=== Begin Enclosure ===

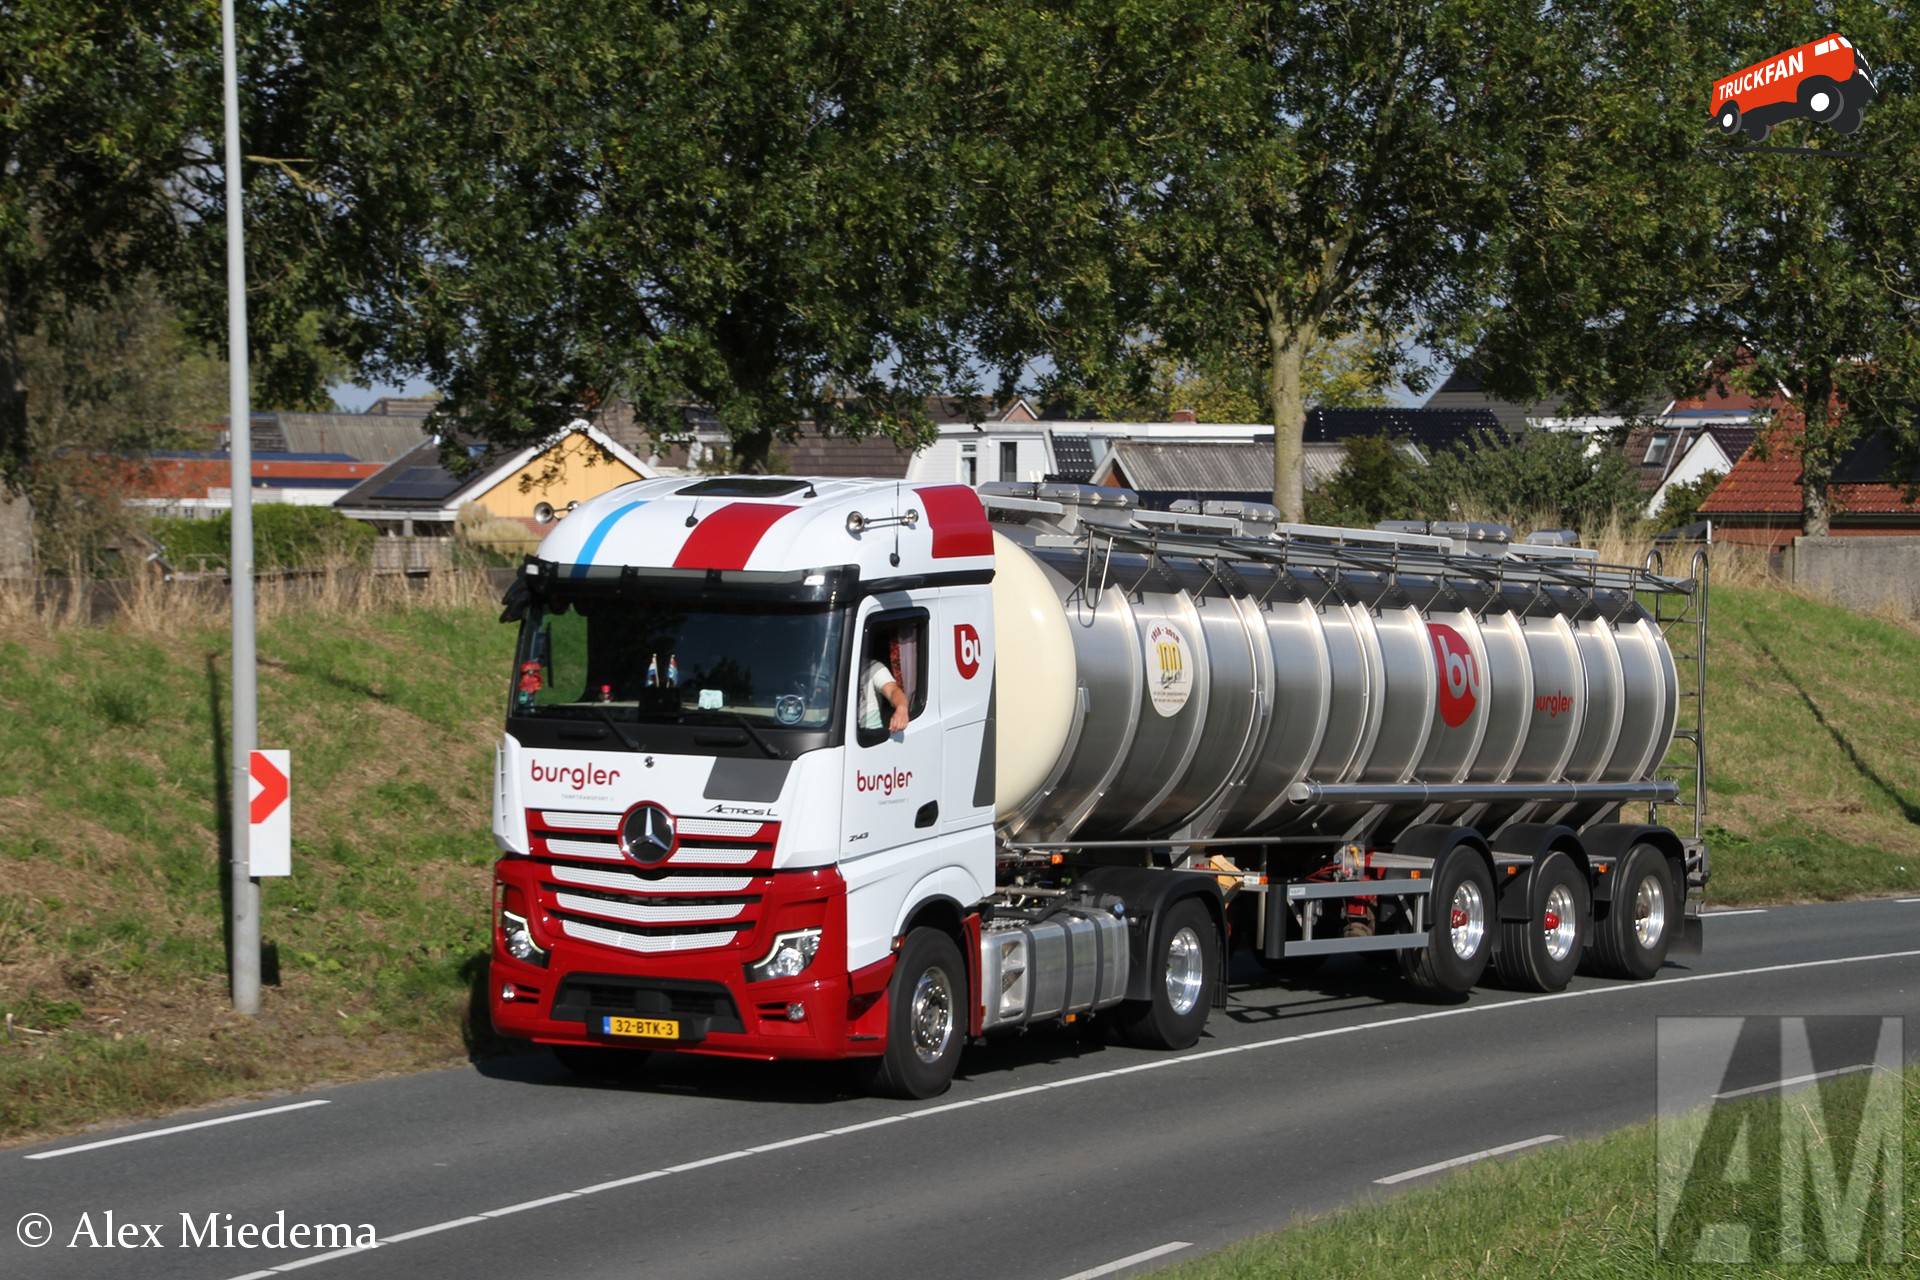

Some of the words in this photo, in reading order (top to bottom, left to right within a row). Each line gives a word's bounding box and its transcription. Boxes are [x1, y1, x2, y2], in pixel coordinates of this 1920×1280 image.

[1536, 689, 1574, 718] urgler
[531, 759, 620, 790] burgler
[856, 766, 913, 796] burgler
[615, 1019, 674, 1036] 32-BTK-3
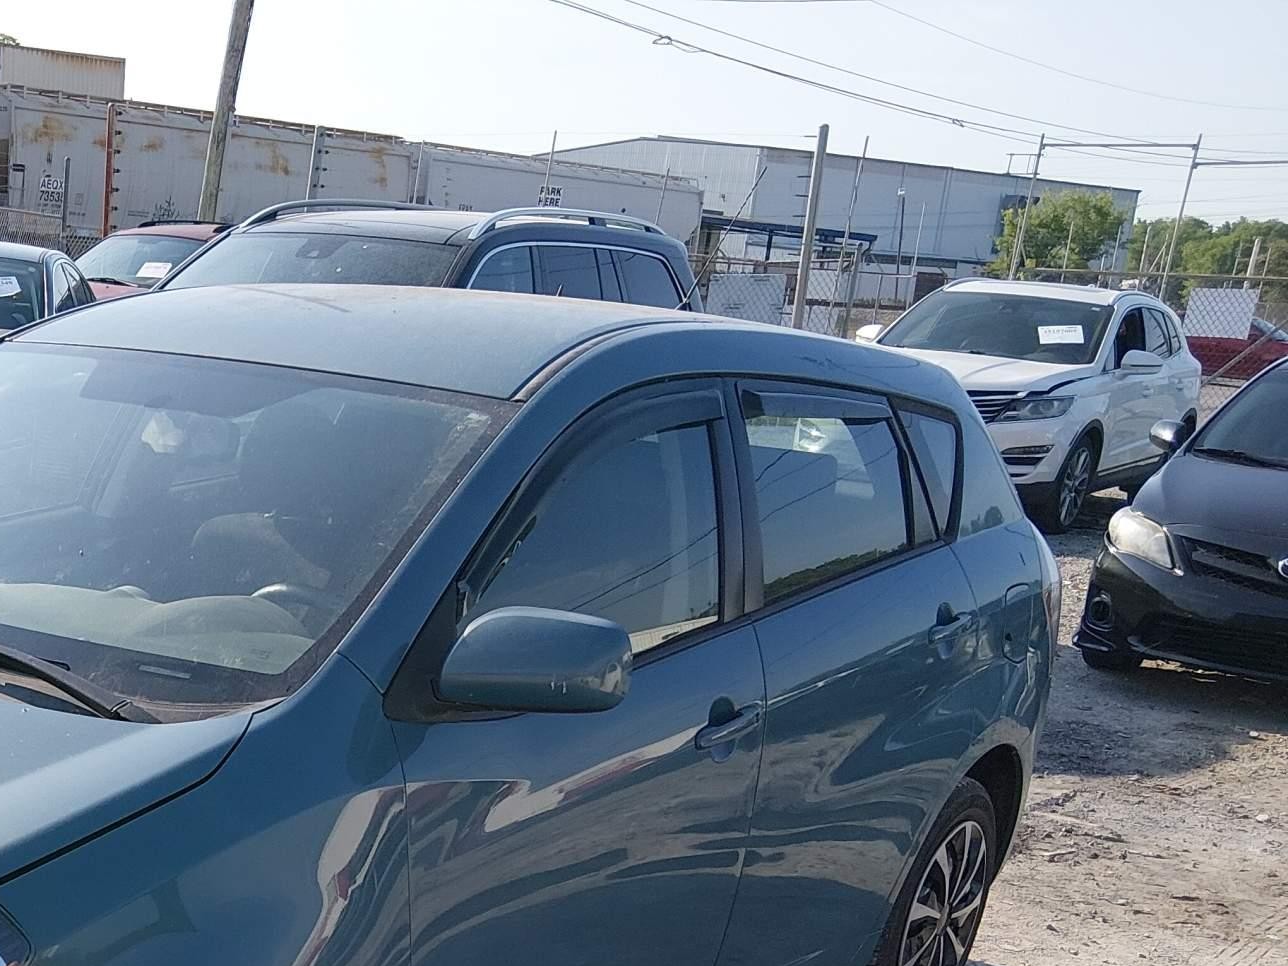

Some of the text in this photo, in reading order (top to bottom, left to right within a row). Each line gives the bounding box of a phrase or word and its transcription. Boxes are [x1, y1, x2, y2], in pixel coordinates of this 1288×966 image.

[40, 178, 64, 190] AEQX
[39, 191, 64, 202] 7353
[539, 187, 562, 196] PARK
[538, 197, 561, 206] HERE

=== End Enclosure ===

> _WORK INSTRUCTIONS_: Could you output every record above exactly as it appears, without the pictures?

> _ANSWER AREA_:
Some of the words in this photo, in reading order (top to bottom, left to right within a row). Each line gives a word's bounding box and its transcription. Boxes are [x1, y1, x2, y2], in pixel coordinates of this 1920×1280 image.

[1536, 689, 1574, 718] urgler
[531, 759, 620, 790] burgler
[856, 766, 913, 796] burgler
[615, 1019, 674, 1036] 32-BTK-3

Some of the text in this photo, in reading order (top to bottom, left to right within a row). Each line gives the bounding box of a phrase or word and its transcription. Boxes are [x1, y1, x2, y2], in pixel coordinates of this 1288×966 image.

[40, 178, 64, 190] AEQX
[39, 191, 64, 202] 7353
[539, 187, 562, 196] PARK
[538, 197, 561, 206] HERE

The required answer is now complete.